YDdraigGoch Sun 20-Jan-13 15:12:08

North Wilts £20 per hour for maths GCSE tutoring.

Michaelahpurple Sun 20-Jan-13 22:21:59

Depends where. In London £40-50 ph at least.

Mominatrix Mon 21-Jan-13 06:20:17

I am having my reception age son tutored as he is in a currently in a different school system and we want him to keep in line with his peers in the English school system as he will switch into this school system at 8. I am being charged £40 an hour.
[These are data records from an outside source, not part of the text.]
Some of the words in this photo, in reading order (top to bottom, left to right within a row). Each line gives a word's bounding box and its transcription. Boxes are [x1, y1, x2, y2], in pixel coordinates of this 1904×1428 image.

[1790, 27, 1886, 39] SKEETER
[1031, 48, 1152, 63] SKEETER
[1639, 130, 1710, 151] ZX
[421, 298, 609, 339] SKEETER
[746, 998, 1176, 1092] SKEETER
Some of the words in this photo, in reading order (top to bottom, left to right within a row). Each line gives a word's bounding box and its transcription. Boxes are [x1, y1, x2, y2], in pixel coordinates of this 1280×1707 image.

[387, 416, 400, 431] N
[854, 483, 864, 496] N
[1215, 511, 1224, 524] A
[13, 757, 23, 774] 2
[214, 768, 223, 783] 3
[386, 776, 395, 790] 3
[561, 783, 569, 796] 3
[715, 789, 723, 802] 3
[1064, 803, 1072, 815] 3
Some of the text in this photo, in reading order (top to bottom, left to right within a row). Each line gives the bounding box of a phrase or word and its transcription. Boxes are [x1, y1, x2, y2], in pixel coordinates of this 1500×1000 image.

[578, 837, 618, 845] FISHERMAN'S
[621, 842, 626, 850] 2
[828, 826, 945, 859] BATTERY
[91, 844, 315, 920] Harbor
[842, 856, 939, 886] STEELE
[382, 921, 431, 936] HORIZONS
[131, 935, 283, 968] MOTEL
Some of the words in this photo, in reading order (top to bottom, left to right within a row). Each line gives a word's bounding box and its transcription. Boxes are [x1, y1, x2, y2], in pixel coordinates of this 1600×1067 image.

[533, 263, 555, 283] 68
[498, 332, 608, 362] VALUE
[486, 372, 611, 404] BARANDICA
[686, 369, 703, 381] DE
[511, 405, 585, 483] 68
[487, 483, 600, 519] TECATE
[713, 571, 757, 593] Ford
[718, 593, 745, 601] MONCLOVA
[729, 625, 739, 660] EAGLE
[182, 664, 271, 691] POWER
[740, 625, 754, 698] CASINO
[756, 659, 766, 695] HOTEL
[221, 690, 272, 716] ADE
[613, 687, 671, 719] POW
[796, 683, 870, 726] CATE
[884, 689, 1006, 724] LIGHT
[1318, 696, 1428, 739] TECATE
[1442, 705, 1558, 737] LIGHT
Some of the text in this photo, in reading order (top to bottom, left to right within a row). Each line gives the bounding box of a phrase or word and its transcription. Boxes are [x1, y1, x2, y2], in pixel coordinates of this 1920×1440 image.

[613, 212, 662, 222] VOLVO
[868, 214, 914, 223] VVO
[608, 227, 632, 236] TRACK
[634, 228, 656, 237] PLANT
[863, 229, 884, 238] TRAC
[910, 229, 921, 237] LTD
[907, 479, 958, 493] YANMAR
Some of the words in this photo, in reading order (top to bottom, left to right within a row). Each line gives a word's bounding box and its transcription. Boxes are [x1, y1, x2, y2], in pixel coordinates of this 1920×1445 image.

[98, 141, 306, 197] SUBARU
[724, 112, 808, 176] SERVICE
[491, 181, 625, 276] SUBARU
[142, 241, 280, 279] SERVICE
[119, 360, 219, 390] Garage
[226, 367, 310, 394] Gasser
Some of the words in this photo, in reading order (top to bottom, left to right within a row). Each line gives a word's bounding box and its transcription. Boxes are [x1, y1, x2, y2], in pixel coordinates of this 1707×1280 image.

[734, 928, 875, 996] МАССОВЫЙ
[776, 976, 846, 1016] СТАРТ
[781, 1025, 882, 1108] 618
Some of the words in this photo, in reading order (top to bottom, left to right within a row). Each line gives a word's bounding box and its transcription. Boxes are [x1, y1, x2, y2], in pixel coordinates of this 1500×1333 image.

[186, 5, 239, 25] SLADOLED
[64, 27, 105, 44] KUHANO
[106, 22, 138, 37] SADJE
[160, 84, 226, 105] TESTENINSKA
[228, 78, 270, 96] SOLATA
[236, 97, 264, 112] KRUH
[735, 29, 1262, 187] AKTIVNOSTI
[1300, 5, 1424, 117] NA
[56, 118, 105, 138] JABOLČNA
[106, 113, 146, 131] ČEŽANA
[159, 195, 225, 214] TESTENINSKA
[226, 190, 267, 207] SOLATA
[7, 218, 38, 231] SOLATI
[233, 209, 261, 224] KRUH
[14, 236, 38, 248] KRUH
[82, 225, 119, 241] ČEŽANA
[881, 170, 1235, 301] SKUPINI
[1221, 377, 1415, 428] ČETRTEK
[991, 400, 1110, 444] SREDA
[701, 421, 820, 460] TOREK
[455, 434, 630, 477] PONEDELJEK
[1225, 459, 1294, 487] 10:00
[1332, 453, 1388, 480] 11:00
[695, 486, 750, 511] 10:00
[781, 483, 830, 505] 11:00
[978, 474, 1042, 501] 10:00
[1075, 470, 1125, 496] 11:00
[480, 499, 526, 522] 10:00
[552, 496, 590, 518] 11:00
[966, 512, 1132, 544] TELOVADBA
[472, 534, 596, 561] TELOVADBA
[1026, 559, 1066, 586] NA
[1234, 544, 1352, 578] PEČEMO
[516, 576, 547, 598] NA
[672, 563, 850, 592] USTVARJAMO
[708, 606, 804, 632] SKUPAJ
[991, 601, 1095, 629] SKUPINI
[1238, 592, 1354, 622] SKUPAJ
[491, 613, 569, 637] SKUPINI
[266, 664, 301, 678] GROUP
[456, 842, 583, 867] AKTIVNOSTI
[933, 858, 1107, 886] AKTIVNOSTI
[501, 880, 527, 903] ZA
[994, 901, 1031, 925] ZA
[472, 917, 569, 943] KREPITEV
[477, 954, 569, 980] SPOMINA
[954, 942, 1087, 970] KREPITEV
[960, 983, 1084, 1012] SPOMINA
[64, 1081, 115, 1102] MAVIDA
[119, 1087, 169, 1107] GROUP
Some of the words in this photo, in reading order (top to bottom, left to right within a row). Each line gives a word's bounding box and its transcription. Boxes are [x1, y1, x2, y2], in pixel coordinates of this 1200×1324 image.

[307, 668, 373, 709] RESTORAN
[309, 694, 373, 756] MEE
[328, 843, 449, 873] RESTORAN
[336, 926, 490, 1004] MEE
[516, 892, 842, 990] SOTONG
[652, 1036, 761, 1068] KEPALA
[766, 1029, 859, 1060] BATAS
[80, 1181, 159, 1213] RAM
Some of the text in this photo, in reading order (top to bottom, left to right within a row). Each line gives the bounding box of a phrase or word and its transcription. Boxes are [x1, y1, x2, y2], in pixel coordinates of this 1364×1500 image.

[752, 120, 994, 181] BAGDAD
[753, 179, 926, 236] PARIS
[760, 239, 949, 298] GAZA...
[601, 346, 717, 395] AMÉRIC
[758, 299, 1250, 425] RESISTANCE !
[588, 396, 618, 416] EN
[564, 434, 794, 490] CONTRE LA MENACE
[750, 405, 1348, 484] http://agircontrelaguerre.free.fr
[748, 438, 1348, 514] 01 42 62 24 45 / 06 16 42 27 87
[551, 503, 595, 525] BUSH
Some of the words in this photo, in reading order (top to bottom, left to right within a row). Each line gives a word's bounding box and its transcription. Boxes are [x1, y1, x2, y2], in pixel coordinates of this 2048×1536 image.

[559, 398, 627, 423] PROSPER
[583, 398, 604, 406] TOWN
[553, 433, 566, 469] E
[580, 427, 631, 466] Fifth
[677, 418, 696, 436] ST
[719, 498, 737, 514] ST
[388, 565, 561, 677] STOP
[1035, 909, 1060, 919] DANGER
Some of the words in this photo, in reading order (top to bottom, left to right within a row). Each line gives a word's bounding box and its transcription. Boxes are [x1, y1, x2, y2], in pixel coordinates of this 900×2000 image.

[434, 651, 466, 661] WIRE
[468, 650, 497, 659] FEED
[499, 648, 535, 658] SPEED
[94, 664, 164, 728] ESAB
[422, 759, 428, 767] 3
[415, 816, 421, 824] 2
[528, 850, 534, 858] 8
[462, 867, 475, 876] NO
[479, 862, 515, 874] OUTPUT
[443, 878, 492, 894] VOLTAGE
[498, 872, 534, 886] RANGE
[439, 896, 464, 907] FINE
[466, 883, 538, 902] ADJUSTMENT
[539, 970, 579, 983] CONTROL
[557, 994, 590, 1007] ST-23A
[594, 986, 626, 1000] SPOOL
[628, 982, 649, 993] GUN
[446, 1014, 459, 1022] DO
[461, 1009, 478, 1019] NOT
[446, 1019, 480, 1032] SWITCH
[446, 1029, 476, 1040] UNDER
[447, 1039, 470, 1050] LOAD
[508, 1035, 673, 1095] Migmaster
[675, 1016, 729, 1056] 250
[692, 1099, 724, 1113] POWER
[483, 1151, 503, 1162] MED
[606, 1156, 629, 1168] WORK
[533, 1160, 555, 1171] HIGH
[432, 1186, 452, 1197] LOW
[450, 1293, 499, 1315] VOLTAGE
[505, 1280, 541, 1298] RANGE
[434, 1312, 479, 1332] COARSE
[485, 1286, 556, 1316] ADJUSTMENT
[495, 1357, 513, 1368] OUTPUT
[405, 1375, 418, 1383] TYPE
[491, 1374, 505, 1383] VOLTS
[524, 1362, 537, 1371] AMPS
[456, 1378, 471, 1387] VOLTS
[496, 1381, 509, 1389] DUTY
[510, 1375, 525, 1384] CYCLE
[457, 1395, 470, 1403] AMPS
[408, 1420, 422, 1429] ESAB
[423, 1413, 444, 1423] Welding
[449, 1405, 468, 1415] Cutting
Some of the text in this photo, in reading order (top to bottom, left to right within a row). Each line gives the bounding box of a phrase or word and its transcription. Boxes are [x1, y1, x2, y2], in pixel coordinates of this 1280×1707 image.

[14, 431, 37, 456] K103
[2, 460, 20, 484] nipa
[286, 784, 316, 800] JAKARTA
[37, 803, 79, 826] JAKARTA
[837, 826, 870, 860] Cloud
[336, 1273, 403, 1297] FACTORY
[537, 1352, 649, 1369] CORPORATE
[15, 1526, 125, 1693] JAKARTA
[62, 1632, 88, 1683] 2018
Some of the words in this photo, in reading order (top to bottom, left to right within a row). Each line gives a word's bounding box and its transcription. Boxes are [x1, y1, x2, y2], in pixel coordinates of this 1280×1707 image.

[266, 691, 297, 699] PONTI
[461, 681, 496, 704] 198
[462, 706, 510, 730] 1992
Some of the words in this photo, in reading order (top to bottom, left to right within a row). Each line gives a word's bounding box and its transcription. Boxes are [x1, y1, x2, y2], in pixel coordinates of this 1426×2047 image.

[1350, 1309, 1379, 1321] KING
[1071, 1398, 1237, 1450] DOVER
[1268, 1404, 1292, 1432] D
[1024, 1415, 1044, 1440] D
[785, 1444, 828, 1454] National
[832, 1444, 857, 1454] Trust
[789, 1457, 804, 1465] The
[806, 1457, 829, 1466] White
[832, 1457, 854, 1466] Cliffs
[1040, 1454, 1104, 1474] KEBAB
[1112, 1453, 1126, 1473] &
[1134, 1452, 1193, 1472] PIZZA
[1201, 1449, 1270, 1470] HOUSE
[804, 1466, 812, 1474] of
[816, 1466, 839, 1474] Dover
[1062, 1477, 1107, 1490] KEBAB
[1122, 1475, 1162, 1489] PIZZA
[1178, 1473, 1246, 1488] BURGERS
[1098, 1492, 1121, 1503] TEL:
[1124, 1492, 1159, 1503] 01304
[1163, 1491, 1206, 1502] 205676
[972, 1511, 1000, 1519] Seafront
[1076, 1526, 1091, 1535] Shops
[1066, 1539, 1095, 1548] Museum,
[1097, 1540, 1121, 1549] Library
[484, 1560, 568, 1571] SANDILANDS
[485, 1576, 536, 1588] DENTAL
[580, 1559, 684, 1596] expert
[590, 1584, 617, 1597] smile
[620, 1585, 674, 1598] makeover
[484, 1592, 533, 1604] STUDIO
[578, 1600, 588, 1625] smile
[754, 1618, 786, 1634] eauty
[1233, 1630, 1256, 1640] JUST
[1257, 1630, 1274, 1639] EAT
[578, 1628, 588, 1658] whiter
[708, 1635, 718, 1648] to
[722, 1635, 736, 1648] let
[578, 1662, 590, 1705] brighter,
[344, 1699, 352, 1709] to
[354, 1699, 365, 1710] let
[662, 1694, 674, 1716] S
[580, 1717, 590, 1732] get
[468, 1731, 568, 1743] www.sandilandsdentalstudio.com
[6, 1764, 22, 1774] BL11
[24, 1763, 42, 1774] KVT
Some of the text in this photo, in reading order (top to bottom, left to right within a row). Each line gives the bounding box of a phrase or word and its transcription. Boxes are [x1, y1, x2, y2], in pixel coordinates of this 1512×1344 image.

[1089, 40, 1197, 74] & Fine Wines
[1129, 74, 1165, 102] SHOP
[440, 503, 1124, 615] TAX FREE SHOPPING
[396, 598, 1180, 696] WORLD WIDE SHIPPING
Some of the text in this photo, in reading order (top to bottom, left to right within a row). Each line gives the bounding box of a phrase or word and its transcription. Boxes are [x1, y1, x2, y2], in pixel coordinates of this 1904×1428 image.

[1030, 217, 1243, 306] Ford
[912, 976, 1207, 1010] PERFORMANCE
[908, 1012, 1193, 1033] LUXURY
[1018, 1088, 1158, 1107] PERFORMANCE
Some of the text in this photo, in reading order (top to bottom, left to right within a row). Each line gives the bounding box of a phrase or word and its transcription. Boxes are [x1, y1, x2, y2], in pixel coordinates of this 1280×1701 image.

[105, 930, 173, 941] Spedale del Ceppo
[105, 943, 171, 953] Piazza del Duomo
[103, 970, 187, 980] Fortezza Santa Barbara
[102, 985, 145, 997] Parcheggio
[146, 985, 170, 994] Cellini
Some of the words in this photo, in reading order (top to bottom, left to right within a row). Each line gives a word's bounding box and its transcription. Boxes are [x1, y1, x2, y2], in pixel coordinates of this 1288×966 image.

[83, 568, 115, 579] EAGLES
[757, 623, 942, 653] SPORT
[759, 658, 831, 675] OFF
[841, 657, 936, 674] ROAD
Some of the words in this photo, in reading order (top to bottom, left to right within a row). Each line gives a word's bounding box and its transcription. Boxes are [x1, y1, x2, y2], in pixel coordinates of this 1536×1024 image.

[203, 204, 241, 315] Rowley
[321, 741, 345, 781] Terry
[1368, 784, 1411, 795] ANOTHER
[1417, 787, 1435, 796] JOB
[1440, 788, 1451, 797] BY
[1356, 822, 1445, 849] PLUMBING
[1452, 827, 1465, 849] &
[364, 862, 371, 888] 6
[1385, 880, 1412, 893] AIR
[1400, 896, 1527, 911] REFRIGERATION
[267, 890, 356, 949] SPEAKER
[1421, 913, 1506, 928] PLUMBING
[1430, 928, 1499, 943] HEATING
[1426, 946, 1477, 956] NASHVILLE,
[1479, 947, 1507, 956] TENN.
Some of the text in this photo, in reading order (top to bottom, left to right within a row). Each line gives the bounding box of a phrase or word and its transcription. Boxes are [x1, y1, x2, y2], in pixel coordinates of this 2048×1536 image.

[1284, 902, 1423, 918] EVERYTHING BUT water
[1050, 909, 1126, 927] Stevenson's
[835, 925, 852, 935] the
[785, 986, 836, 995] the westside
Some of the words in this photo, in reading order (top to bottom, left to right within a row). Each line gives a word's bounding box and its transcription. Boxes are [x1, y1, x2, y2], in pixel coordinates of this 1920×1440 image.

Would imagine that more serious tutoring would me more expensive.

iamwhaticallpregnant Mon 21-Jan-13 06:23:54

I charged £22.

housemad Mon 21-Jan-13 09:37:16

Here is around £25-£30. At the moment I employ a retired teacher and she is good and she only charge £15.

GW297 Mon 21-Jan-13 10:25:14

30 pounds an hour if experienced. 20 if not.

Missbopeep Mon 21-Jan-13 11:27:06

Not less than £25 for a teacher who is qualified and experienced. Up to £30 is reasonable. You have to take into account their planning time and if they travel to you another £5 at least to cover their time and fuel.

Anyone who does it for less is really letting the side down professionally. If you think that a one hour lesson takes 1.5hrs with prep time anyone charging £15 is charging less than a cleaner. Cheaper tutors might do it for love but it's not fair to other full time tutors who want to earn a living from it.

Missbopeep Mon 21-Jan-13 11:29:39

Sorry- just seen your 2nd post when you said you were a teacher! All of the above.

In terms of comparing with supply I think you have to take that rate into account a little as a guide. 1:1 is actually more intense and you have to do some preparation- you can't just open a book at the start of the lesson. You might need to photocopy etc as well.

cat811 Mon 21-Jan-13 20:01:34

Thank you all - very helpful smile

LaQueen Thu 24-Jan-13 14:15:09

We're Leices/Lincs border and pay £33 an hour for DD1's 11+ tutor.

Expensive, but she gets one-to-one, and he really is the dog's bollux of tutors - 40 years teaching in grammar schools, and until he retired he was closely involved in actually setting the 11+ papers/exams.

He has a 2 year waiting list shock

badgerhead Thu 24-Jan-13 16:39:45

We paid £27 ph last year for A level Economics tutoring, in West Sussex.

deleted203 Thu 24-Jan-13 16:41:58

I'd charge at least £25 an hour because that's what I get on supply, basically. If I'm honest I don't reckon I'd do it for less than £30/hour because of the hassle of going out for just an hour or two, and the fact that I'd have to lesson plan, etc.

Inclusionist Thu 24-Jan-13 17:08:36

My DH charges £40ph in NW London.

lainiekazan Fri 25-Jan-13 09:20:05

so for a GCSE maths tutor with (not yet) qualified teacher (but able mathematician) travelling to their home, how much per hour (home counties)?

deleted203 Fri 25-Jan-13 13:50:29

Unqualified teaching pay scales work out at £12.50 per hour. (If you are an UQ teacher in schools you would be on £15,815 and you divide by 1265 for the hours worked in a school year, if that makes sense).

mumblechum1 Fri 25-Jan-13 13:52:58

I pay £37.50 per hour for A level Biology.

mumblechum1 Fri 25-Jan-13 13:53:19

btw that's Home Counties

deleted203 Fri 25-Jan-13 14:02:14

Hope you've got a qualified teacher then, mumble! That's too much for unqualified.